= Lipscomb Norvell =

American military officer

Lipscomb Norvell (September 1756 – March 2, 1843) was an American military officer in the Continental Army during the American Revolutionary War.

Norvell was the son of John Norvell and an unknown daughter of Moses Lipscomb of Hanover County, Virginia, and the great-grandson of Captain Hugh Norvell, one of the original trustees of the city of Williamsburg, Virginia.

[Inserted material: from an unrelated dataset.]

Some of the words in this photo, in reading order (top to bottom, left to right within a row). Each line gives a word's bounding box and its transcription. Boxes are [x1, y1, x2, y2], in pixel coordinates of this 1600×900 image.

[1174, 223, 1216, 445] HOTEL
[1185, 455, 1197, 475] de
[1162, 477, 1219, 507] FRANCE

Norvell entered the Continental Army on August 7, 1777, as a cadet in Captain William Mosby's company of the 5th Virginia Regiment of Foot commanded by Colonel Josiah Parker. On January 15, 1778, he became regimental paymaster. He fought in the Revolutionary War Battles of Brandywine, Trenton, and Monmouth. He became a second lieutenant in September, 1778 and a first lieutenant in February, 1780. In 1780, he was in the City of Charleston with forces sent to defend the city in response to a British threat towards southern colonies. After the Siege of Charleston, the city fell, Norvell was taken prisoner of war and remained in British custody until the end of the war. From his service, he joined the Society of the Cincinnati. After the war, he was a justice of the peace and early pioneer in Kentucky, where he had received considerable lands as a bounty for his war service. At the time of his death, he lived with his family in Nashville, Tennessee. He is believed to be the first Revolutionary War officer buried in the Nashville City Cemetery. One of his sons was U.S. Senator John Norvell of Michigan and his grandson, William Walker, the son of Mary Norvell Walker, was a filibuster in Nicaragua.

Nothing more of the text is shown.